**Data for processing:**
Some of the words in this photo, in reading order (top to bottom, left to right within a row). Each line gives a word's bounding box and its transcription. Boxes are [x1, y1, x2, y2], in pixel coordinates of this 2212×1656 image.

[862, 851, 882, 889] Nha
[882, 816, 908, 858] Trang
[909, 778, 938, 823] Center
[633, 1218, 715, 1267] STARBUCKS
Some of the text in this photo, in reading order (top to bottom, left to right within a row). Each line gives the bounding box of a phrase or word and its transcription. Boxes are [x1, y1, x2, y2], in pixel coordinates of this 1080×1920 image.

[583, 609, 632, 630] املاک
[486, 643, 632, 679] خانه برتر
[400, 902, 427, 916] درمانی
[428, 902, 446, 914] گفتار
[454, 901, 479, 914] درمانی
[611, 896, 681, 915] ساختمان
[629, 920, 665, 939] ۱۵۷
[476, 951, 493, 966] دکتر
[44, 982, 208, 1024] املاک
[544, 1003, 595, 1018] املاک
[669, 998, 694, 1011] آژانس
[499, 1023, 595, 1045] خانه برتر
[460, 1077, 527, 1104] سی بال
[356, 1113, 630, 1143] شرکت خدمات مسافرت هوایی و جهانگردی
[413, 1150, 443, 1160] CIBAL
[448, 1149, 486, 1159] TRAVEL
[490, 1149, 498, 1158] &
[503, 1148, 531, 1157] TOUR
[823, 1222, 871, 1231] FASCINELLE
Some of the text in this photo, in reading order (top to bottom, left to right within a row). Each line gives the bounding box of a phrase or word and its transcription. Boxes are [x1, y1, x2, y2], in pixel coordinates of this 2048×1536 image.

**Task to carry out:**
Would you retype the records above without changing a word?

**Reply to the exercise:**
Some of the words in this photo, in reading order (top to bottom, left to right within a row). Each line gives a word's bounding box and its transcription. Boxes are [x1, y1, x2, y2], in pixel coordinates of this 2212×1656 image.

[862, 851, 882, 889] Nha
[882, 816, 908, 858] Trang
[909, 778, 938, 823] Center
[633, 1218, 715, 1267] STARBUCKS
Some of the text in this photo, in reading order (top to bottom, left to right within a row). Each line gives the bounding box of a phrase or word and its transcription. Boxes are [x1, y1, x2, y2], in pixel coordinates of this 1080×1920 image.

[583, 609, 632, 630] املاک
[486, 643, 632, 679] خانه برتر
[400, 902, 427, 916] درمانی
[428, 902, 446, 914] گفتار
[454, 901, 479, 914] درمانی
[611, 896, 681, 915] ساختمان
[629, 920, 665, 939] ۱۵۷
[476, 951, 493, 966] دکتر
[44, 982, 208, 1024] املاک
[544, 1003, 595, 1018] املاک
[669, 998, 694, 1011] آژانس
[499, 1023, 595, 1045] خانه برتر
[460, 1077, 527, 1104] سی بال
[356, 1113, 630, 1143] شرکت خدمات مسافرت هوایی و جهانگردی
[413, 1150, 443, 1160] CIBAL
[448, 1149, 486, 1159] TRAVEL
[490, 1149, 498, 1158] &
[503, 1148, 531, 1157] TOUR
[823, 1222, 871, 1231] FASCINELLE
Some of the text in this photo, in reading order (top to bottom, left to right within a row). Each line gives the bounding box of a phrase or word and its transcription. Boxes are [x1, y1, x2, y2], in pixel coordinates of this 2048×1536 image.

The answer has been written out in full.